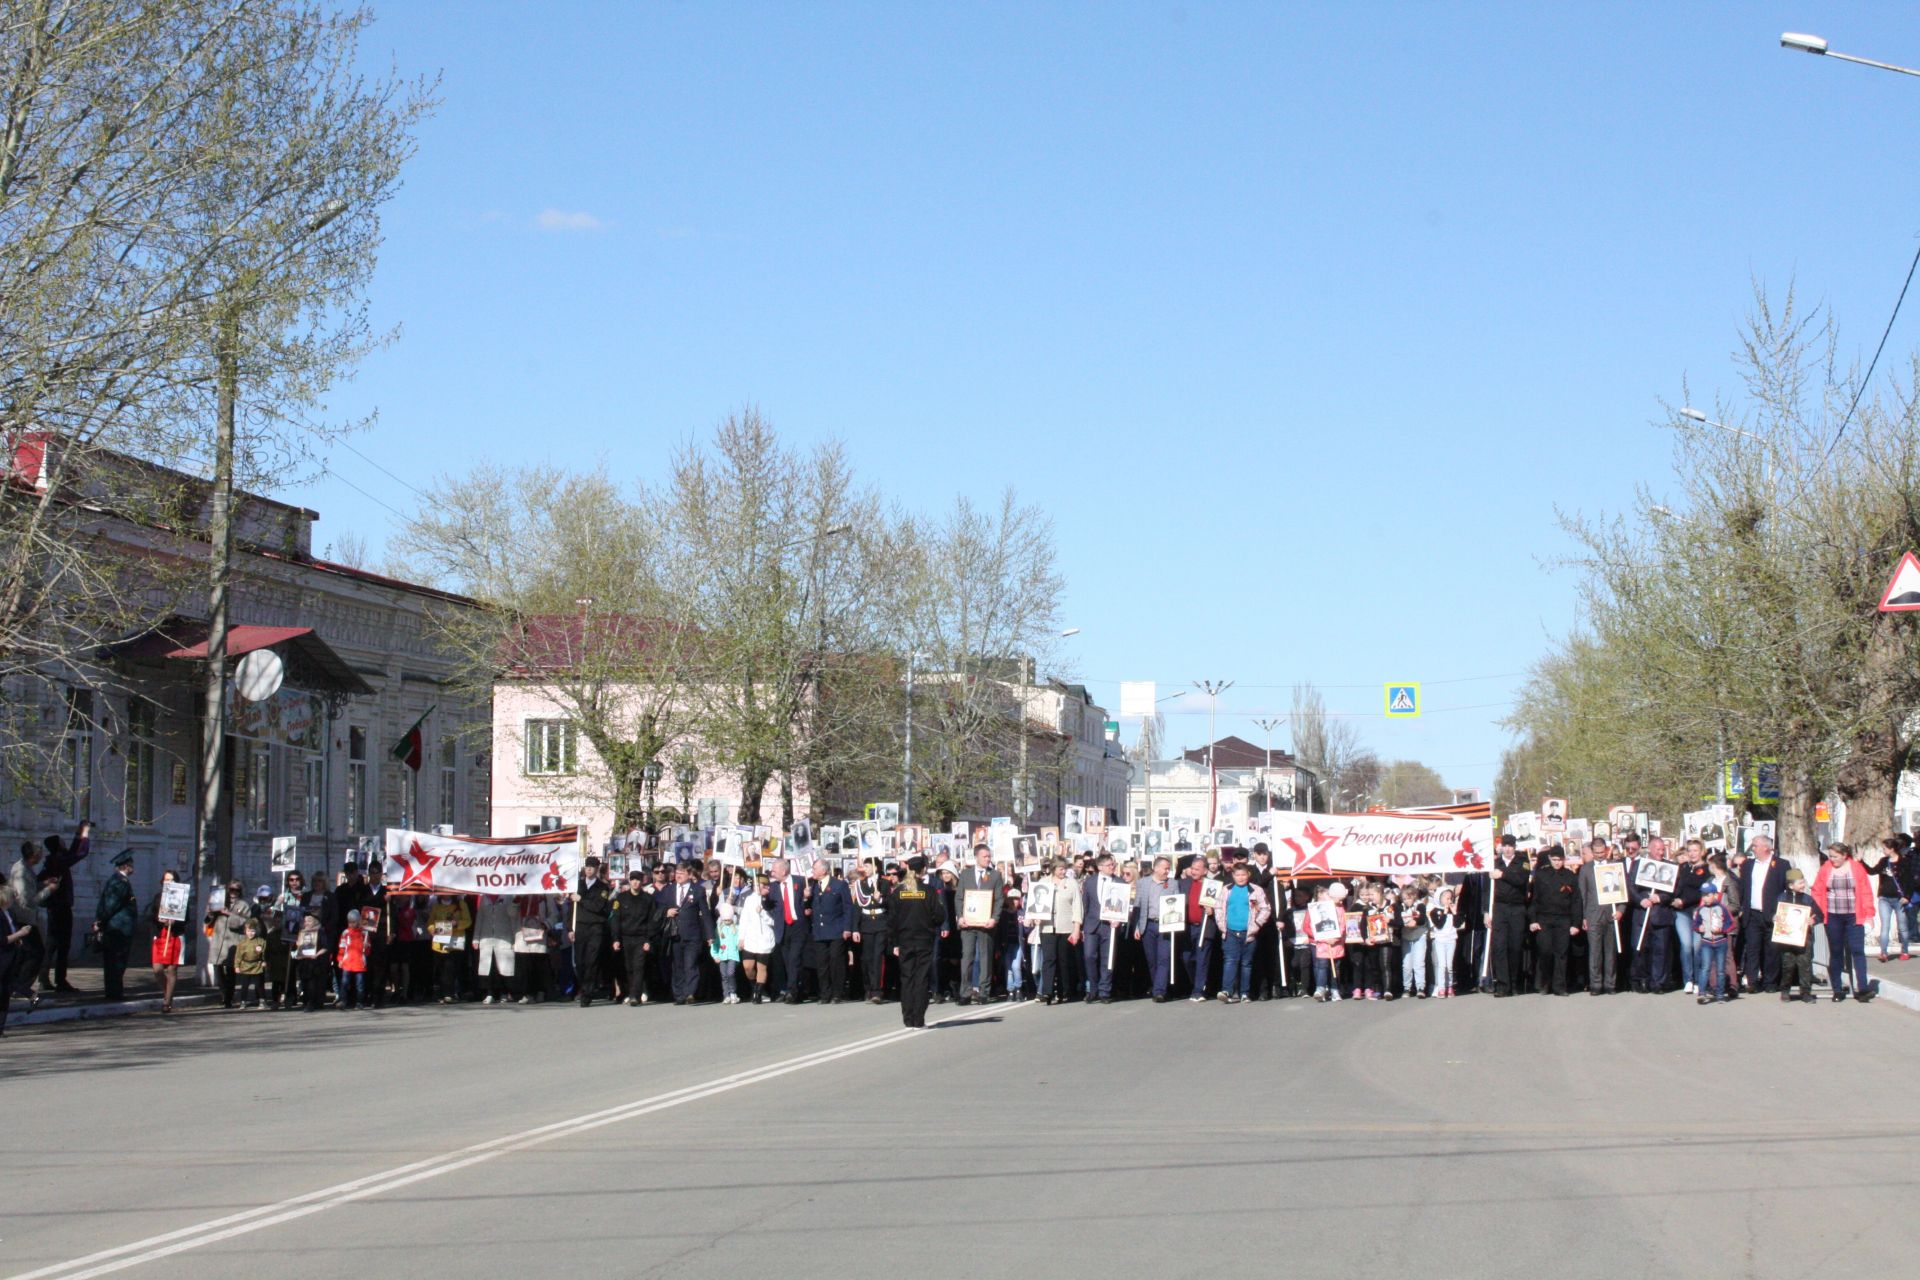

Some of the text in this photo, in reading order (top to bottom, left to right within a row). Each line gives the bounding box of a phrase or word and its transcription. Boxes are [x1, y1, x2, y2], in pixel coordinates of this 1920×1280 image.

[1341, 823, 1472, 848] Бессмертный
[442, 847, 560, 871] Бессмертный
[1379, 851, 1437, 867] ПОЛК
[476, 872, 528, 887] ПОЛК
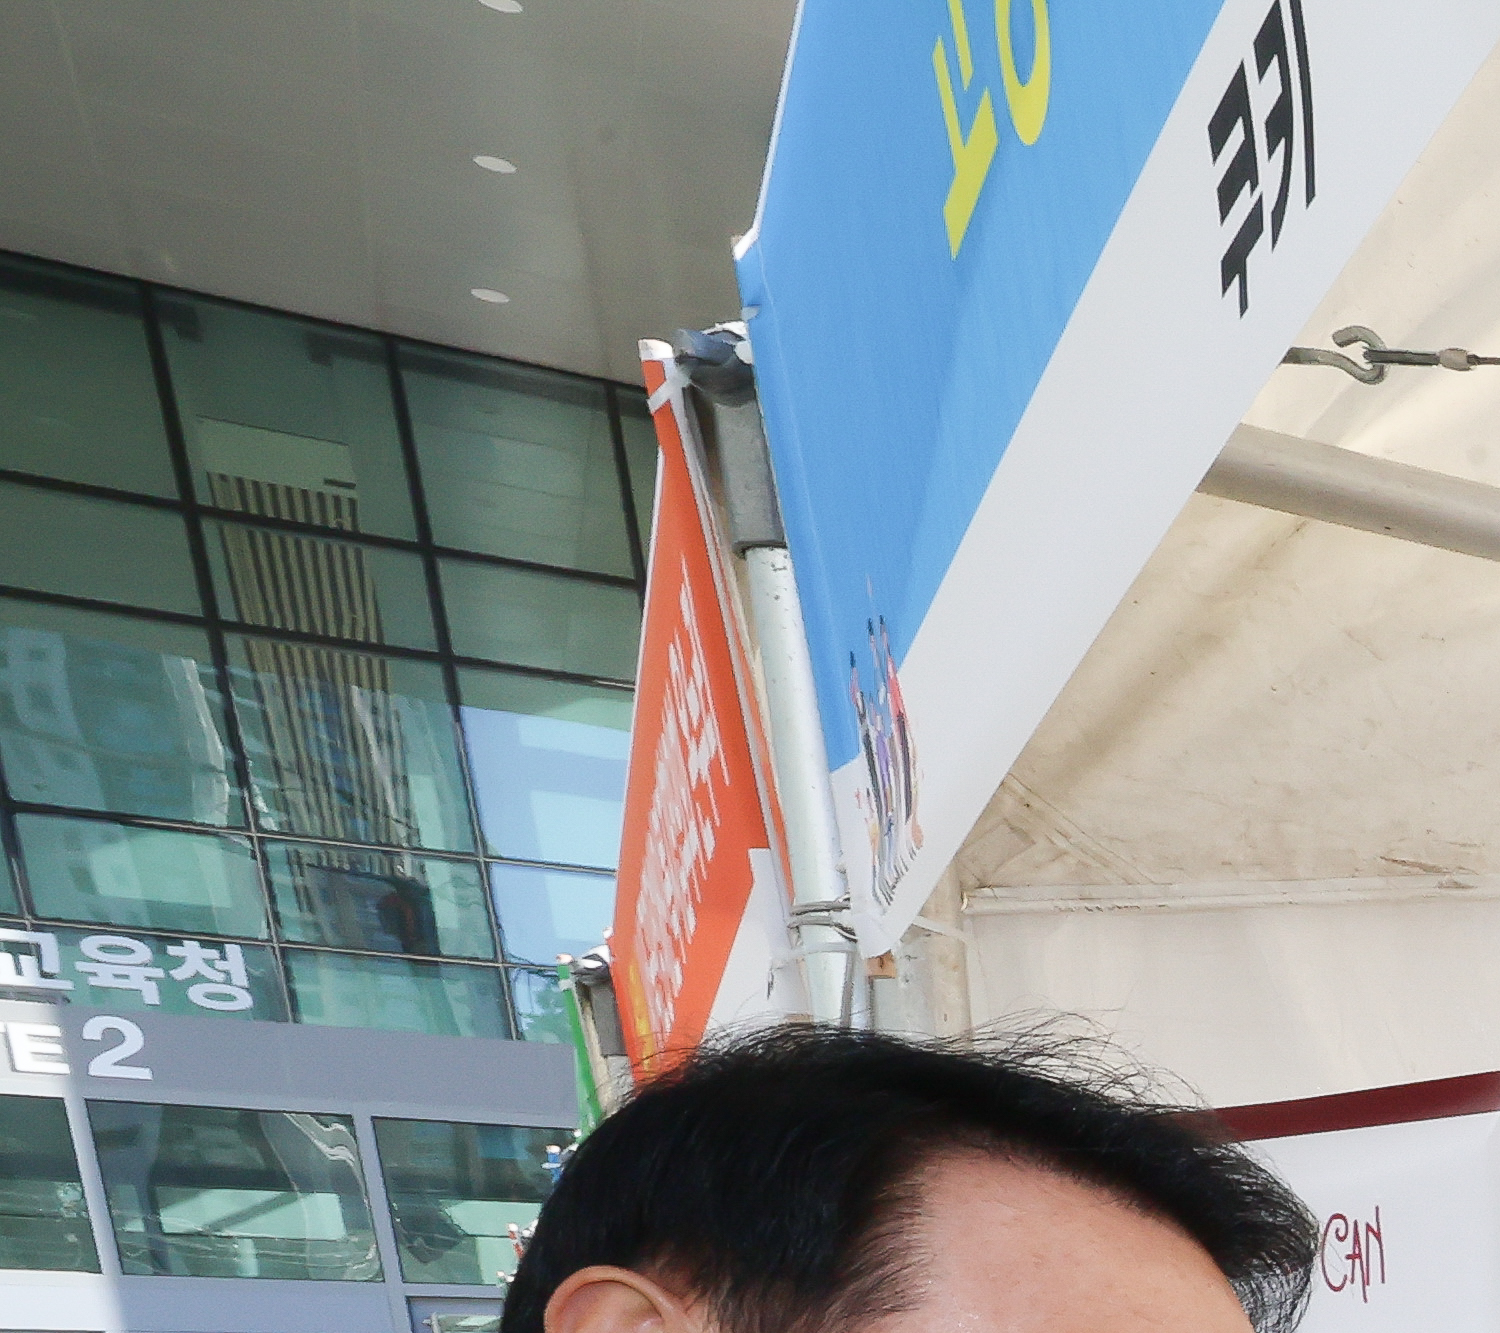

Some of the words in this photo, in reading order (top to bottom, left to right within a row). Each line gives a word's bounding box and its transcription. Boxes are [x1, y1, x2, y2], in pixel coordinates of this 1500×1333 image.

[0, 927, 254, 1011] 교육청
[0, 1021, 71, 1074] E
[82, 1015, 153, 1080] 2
===============
The entries above need to be printed again exactly; please exclude all pictures.

Task response:
Some of the text in this photo, in reading order (top to bottom, left to right within a row). Each line gives the bounding box of a phrase or word and its transcription. Boxes are [x1, y1, x2, y2], in pixel coordinates of this 1920×1280 image.

[1341, 823, 1472, 848] Бессмертный
[442, 847, 560, 871] Бессмертный
[1379, 851, 1437, 867] ПОЛК
[476, 872, 528, 887] ПОЛК

Some of the words in this photo, in reading order (top to bottom, left to right within a row). Each line gives a word's bounding box and its transcription. Boxes are [x1, y1, x2, y2], in pixel coordinates of this 1500×1333 image.

[0, 927, 254, 1011] 교육청
[0, 1021, 71, 1074] E
[82, 1015, 153, 1080] 2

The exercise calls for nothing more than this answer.